Unfortunately, bad ideas are as commonplace as breast implants in Hollywood, so naturally the studio guys are talking about doing Ghostbusters 3, God help us. On October 14, 2010 Stefano Paganini, Sony’s Product Marketing Manager, proudly announced that a script was finally approved and claimed that the original cast promised to return.
Does that mean Bill Murray will return? In a recent interview, Ernie Hudson (the token African-American character in an amazingly melanin-free New York City) claims the only reason the sequel to the sequel hasn’t happened yet is Bill Murray.
“Dan and Harold are working on the script. If it happens we will see but Bill has been the hold up. His definition of good is a little bit different than everybody else’s.”
Oddly enough, I think Mr.

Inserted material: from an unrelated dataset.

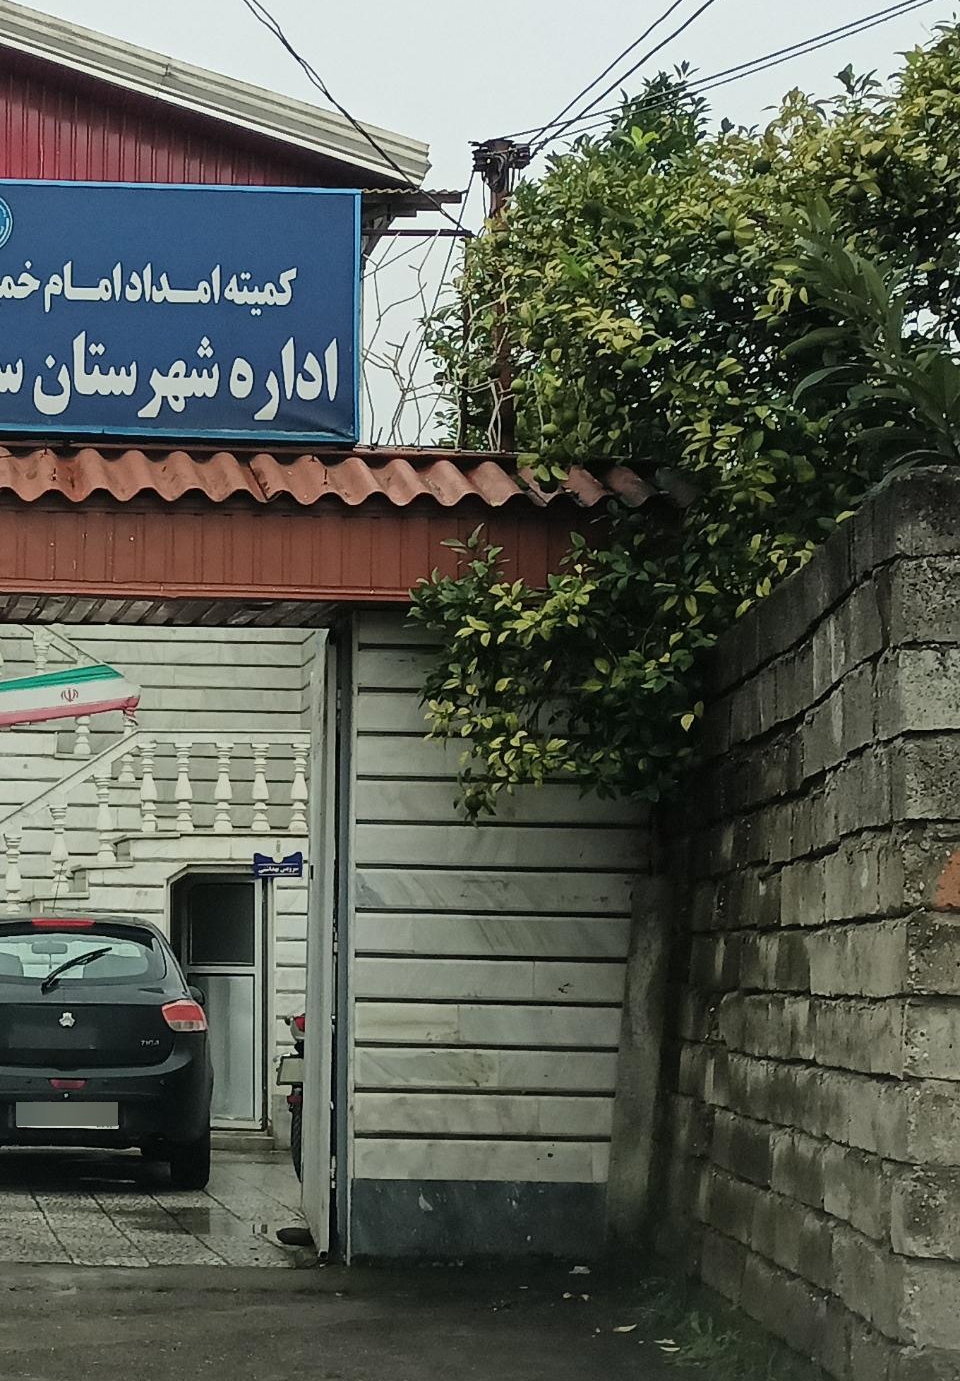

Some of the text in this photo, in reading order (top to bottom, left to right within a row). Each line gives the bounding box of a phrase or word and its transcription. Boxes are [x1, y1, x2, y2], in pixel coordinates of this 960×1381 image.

Hudson’s observation about Murray is absolutely correct, and that’s why there’s still a chance that if Ghostbusters 3 gets green-lighted, Murray won’t be in it. Sure, Mr. Bill was at the Spike TV Scream Awards accepting an award for Zombieland dressed in his “Ghostbusters” costume, but I believe he was just playing a cruel practical joke at his co-stars’ expense. Murray hasn’t publicly committed to anything, other than expressing his loathing for the idea.
If you think about it, Bill Murray’s definition of “good” is the reason why he won a Golden Globe award for Lost In Translation, after all.
Remember, Ghostbusters II was over twenty years ago. In the meantime, Murray has evolved into a talented and well-respected character actor who has worked with non-mainstream visionary directors such as Wes Anderson, Jim Jarmusch and Sofia Coppola. The man who portrayed Dr. Peter Venkman doesn’t exist anymore, and expecting him to do that again is as ridiculous as expecting Woody Allen to do a sequel to Bananas.
Hopefully, Bill Murray will keep his artistic integrity and forget about the money. That would be a phenomenon as rare as a good sequel.